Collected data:
++++
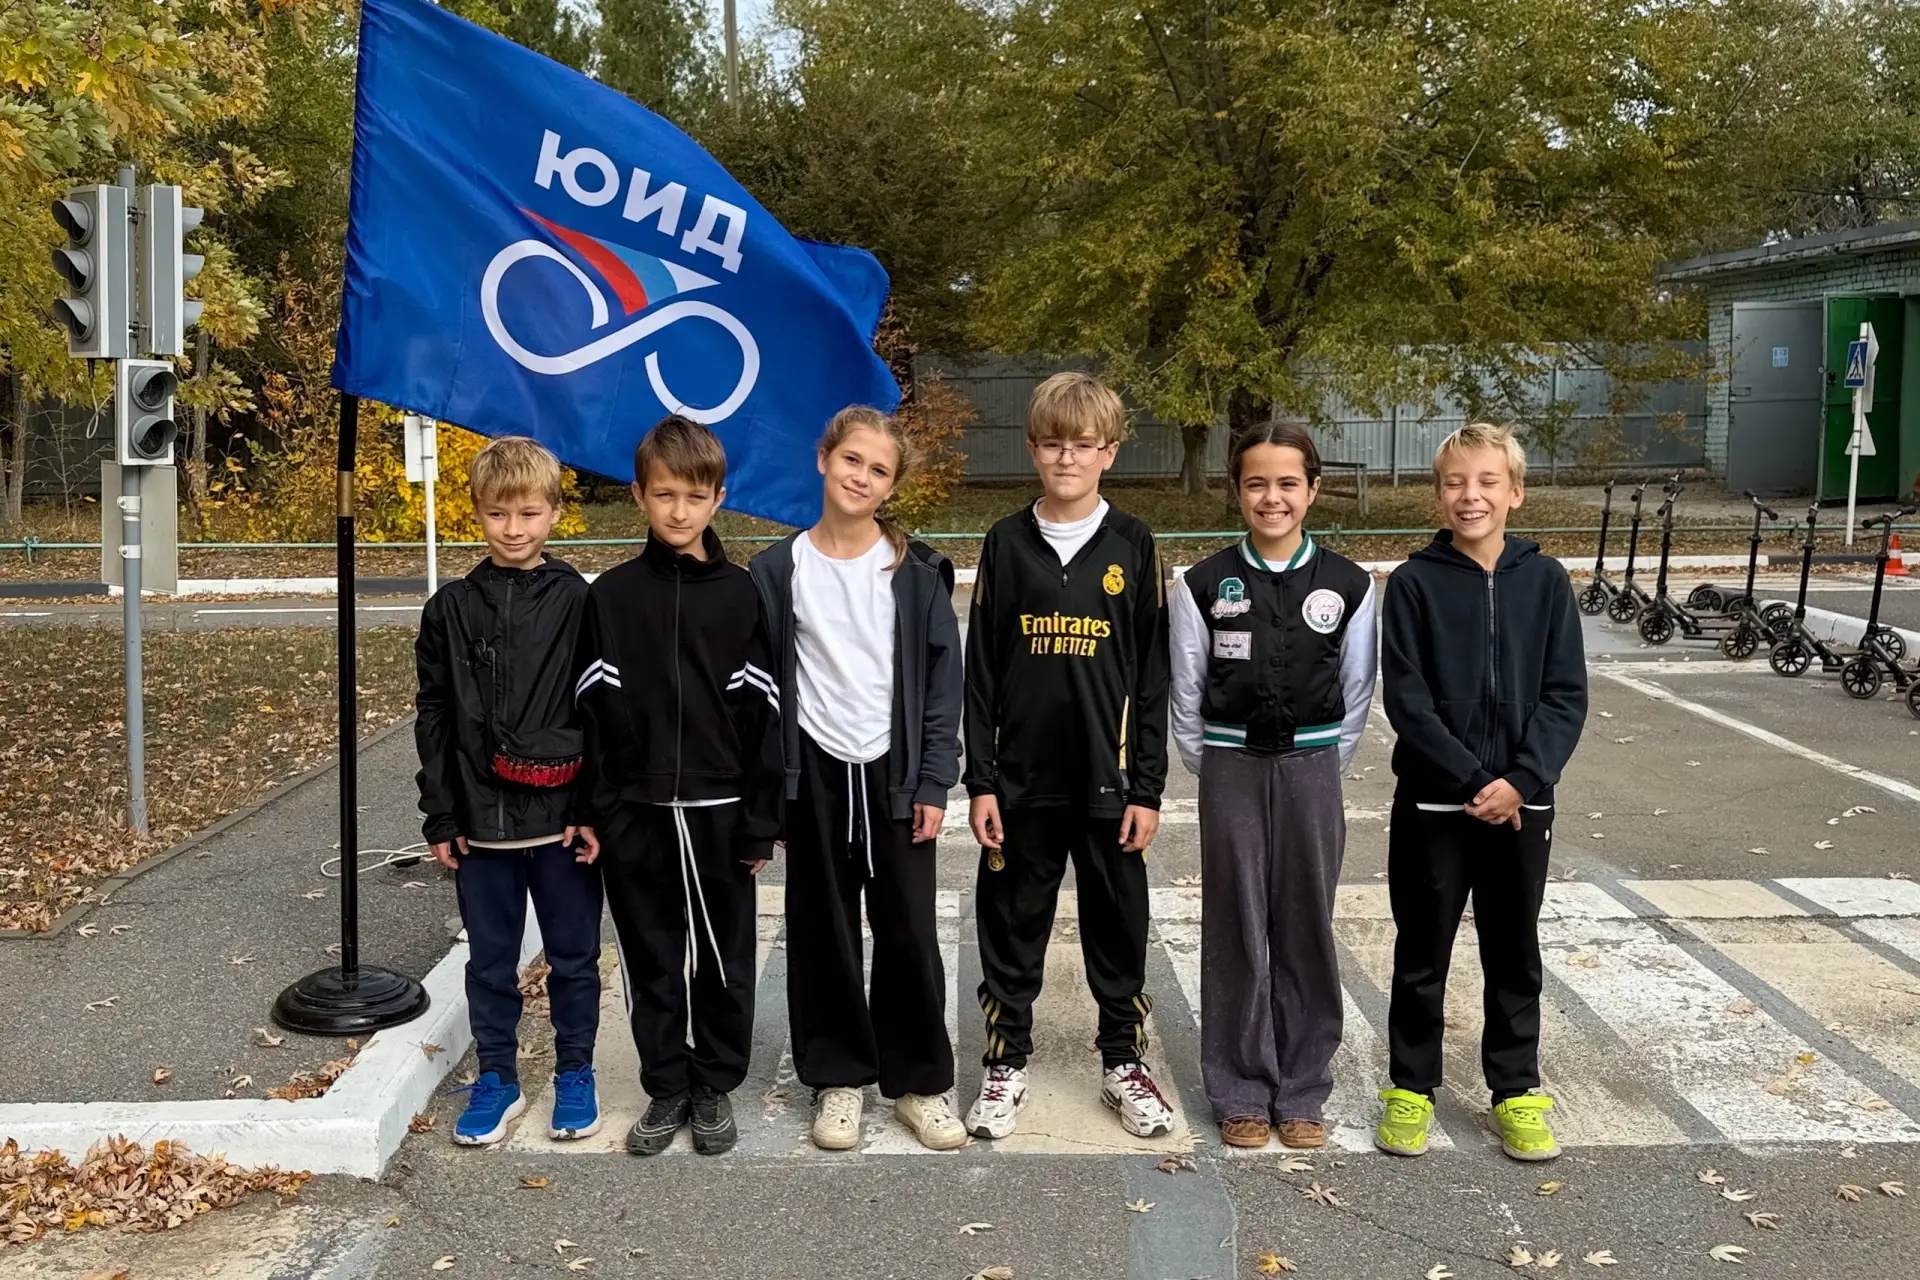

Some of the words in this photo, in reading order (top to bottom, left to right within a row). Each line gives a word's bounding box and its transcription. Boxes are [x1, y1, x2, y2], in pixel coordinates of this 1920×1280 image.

[534, 129, 747, 274] ЮИД
[1020, 611, 1111, 638] Emirates
[1030, 636, 1051, 655] FLY
[1053, 636, 1097, 657] BETTER
++++
### Problem
An exact reproduction of all the records is required, with no pictures included.

### Result of this task
Some of the words in this photo, in reading order (top to bottom, left to right within a row). Each line gives a word's bounding box and its transcription. Boxes are [x1, y1, x2, y2], in pixel coordinates of this 1920×1280 image.

[534, 129, 747, 274] ЮИД
[1020, 611, 1111, 638] Emirates
[1030, 636, 1051, 655] FLY
[1053, 636, 1097, 657] BETTER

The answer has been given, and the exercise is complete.